The Nuwayrat individual in particular, an Old Kingdom adult male Egyptian of relatively high-status radiocarbon-dated to 2855–2570 BCE and dubbed "Old Kingdom individual (NUE001)", was found to be associated with North African Neolithic ancestry, but about 24% of his genetic ancestry could be sourced to the eastern Fertile Crescent, including Mesopotamia, corresponding to the Mesopotamia_Neolithic cluster. The genetic profile was most closely represented by a two-source model, in which 77.6% ± 3.8% of the ancestry corresponded to genomes from the Middle Neolithic Moroccan site of Skhirat-Rouazi (dated to 4780–4230 BCE), which itself consists of predominantly (76.4 ± 4.0%) Levant Neolithic ancestry and (23.6 ± 4.0%) minor Iberomaurusian ancestry, while the remainder (22.4% ± 3.8%) was most closely related to known genomes from Neolithic Mesopotamia (dated to 9000-8000 BCE). No other two-source model met the significance criteria (P>0.05). A total of two Three-source models also emerged, but had similar ancestry proportions, with the addition of a much smaller third-place component from the Neolithic/Chalcolithic Levant. According to Lazardis, “What this sample does tell us is that at such an early date there were people in Egypt that were mostly North African in ancestry, but with some contribution of ancestry from Mesopotamia". According to Girdland-Flink, the fact that 20% of the man’s ancestry best matches older genomes from Mesopotamia, suggests that the movement of Mesopotamian people into Egypt may have been fairly substantial at some point.
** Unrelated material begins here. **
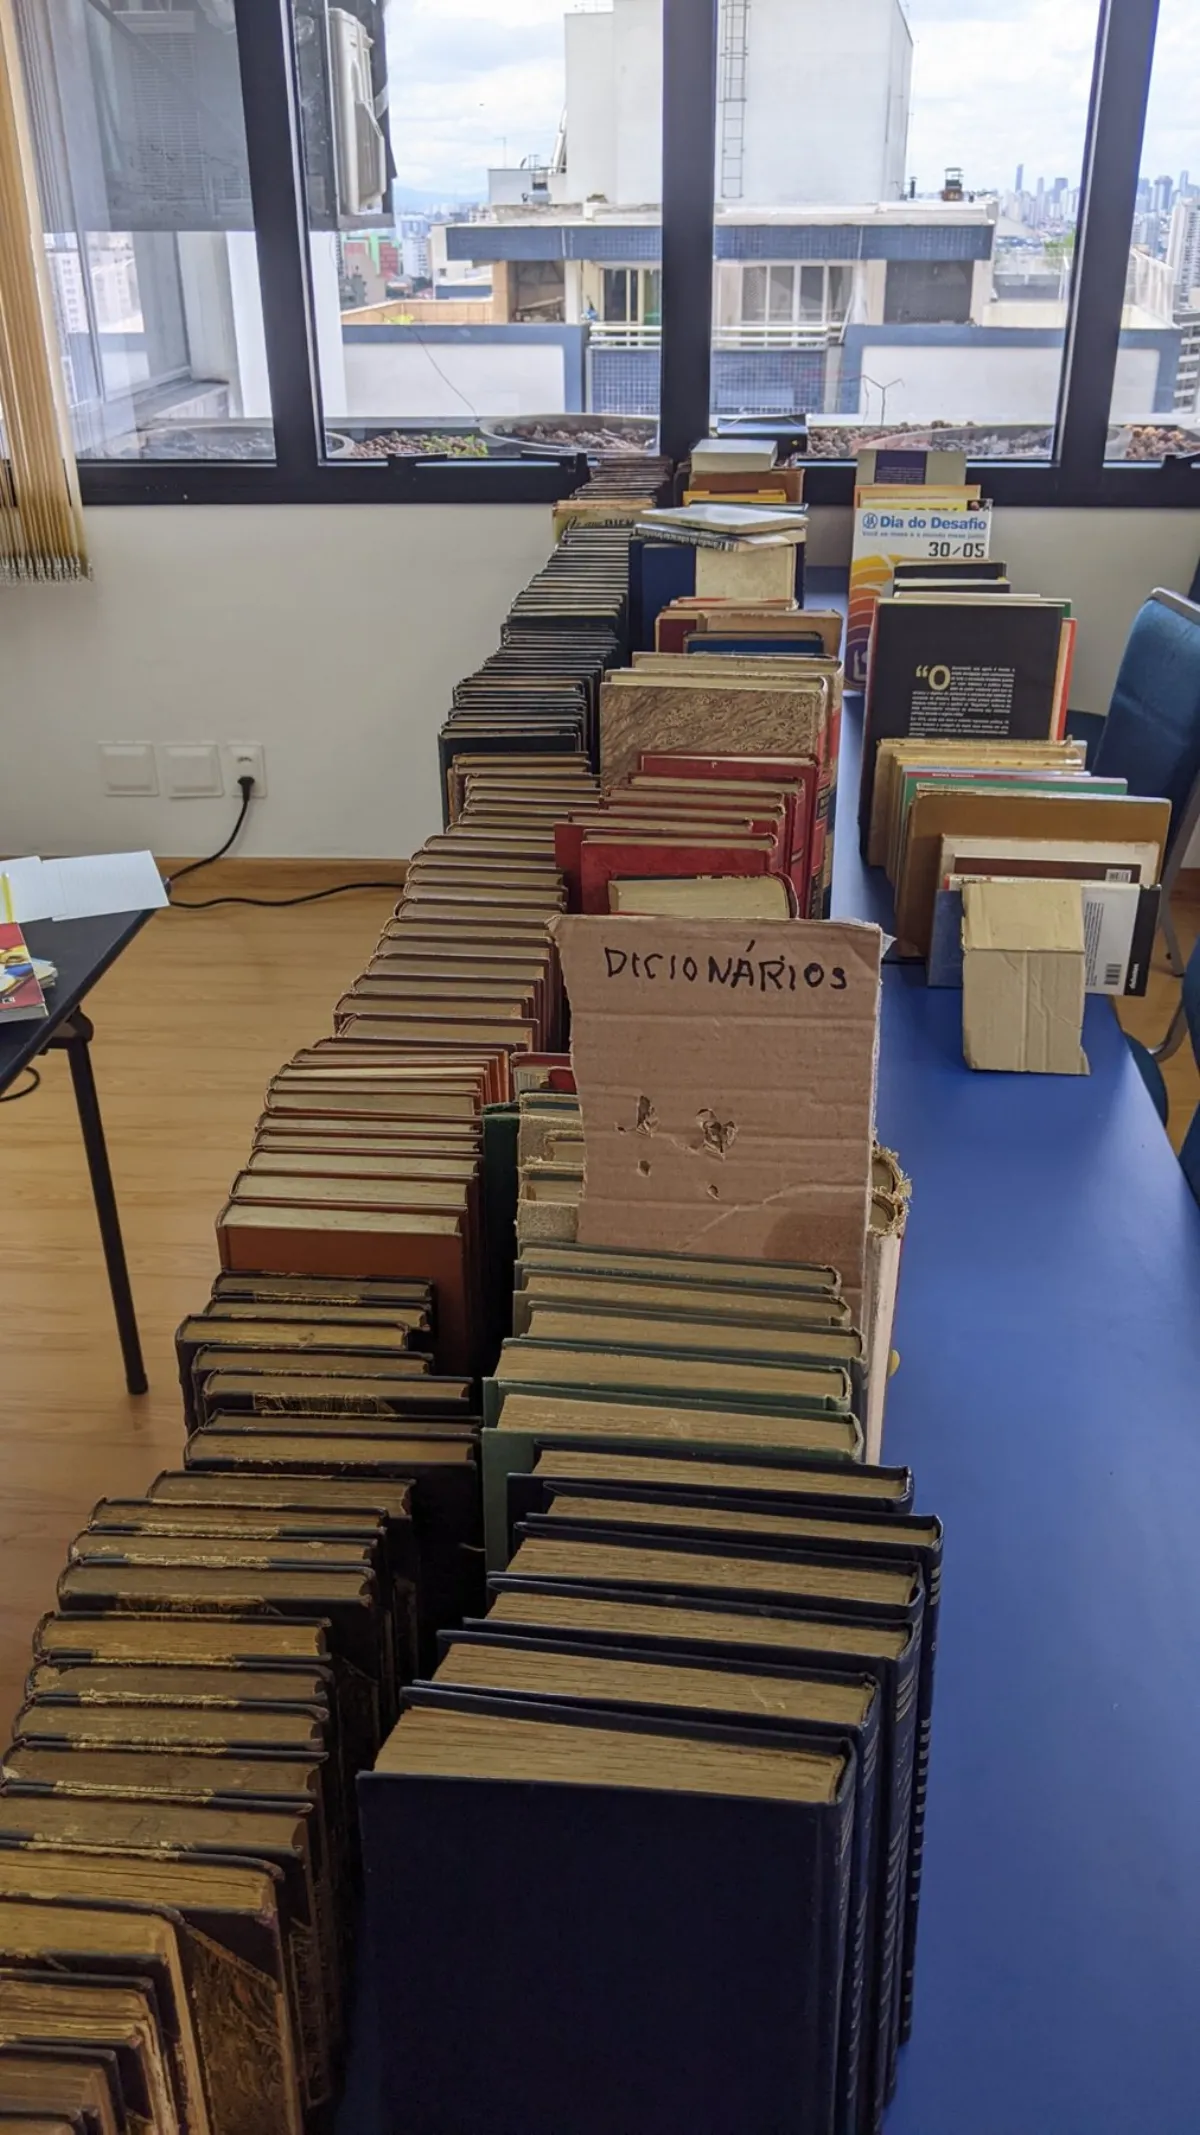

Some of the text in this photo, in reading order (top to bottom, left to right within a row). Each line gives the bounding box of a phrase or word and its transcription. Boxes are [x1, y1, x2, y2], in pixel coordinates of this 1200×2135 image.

[880, 515, 987, 530] Dia do Desafio
[928, 541, 985, 558] 30/05
[604, 940, 848, 991] DICIONÁRIOS
The timing of the admixture event cannot be calculated directly from the 2025 genetic study. The 2025 study showed that the Nuwayrat sample had the greatest affinity with samples from Neolithic Mesopotamia dating to 9000-8000 BCE. Concurrently, other studies have shown that during the Neolithic, in the 10,000-5,000 BCE period, populations from Mesopotamia and the Zagros expanded into the Near-East, particularly Anatolia, bringing with them the Neolithic package of technological innovation (domesticated plants, pottery, greater sedentism). Egypt may also have been affected by such migratory movements. Further changes in odontometrics and dental tissues have been observed in the Nile Valley around 6000 BCE. Subsequent cultural influxes from Mesopotamia are documented into the 4th millennium (3999-3000 BCE) with the appearance of Late Uruk features during the Late Pre-dynastic period of Egypt.

==Sources==
- Çelik, Bahattin (2010). "Hamzan Tepe in the light of new finds"
- Celik, Bahattin (2017). "A new Pre-Pottery Neolithic site in Southeastern Turkey: Ayanlar Höyük (Gre Hut)"
- Dietrich, Oliver. "The current distribution of sites with T-shaped pillars"
- Güler, Mustafa (2012). "New pre-pottery neolithic settlements from Viranşehir District"
- Peters, Joris (2004). "Animals in the Symbolic World of Pre-Pottery Neolithic Göbekli Tepe, South-eastern Turkey: A Preliminary Assessment"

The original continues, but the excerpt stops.